Source records –
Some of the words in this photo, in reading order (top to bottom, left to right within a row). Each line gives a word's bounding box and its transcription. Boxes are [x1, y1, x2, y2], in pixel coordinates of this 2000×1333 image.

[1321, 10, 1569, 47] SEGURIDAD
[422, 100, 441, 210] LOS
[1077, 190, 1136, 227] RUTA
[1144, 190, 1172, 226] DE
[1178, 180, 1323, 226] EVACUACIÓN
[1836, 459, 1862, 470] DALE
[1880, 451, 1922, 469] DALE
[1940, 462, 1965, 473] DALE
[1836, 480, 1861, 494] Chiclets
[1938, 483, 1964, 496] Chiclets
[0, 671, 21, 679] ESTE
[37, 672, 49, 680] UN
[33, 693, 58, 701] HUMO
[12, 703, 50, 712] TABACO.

Work to be completed – Copy every record once more, exactly as given.

Answer to this task –
Some of the words in this photo, in reading order (top to bottom, left to right within a row). Each line gives a word's bounding box and its transcription. Boxes are [x1, y1, x2, y2], in pixel coordinates of this 2000×1333 image.

[1321, 10, 1569, 47] SEGURIDAD
[422, 100, 441, 210] LOS
[1077, 190, 1136, 227] RUTA
[1144, 190, 1172, 226] DE
[1178, 180, 1323, 226] EVACUACIÓN
[1836, 459, 1862, 470] DALE
[1880, 451, 1922, 469] DALE
[1940, 462, 1965, 473] DALE
[1836, 480, 1861, 494] Chiclets
[1938, 483, 1964, 496] Chiclets
[0, 671, 21, 679] ESTE
[37, 672, 49, 680] UN
[33, 693, 58, 701] HUMO
[12, 703, 50, 712] TABACO.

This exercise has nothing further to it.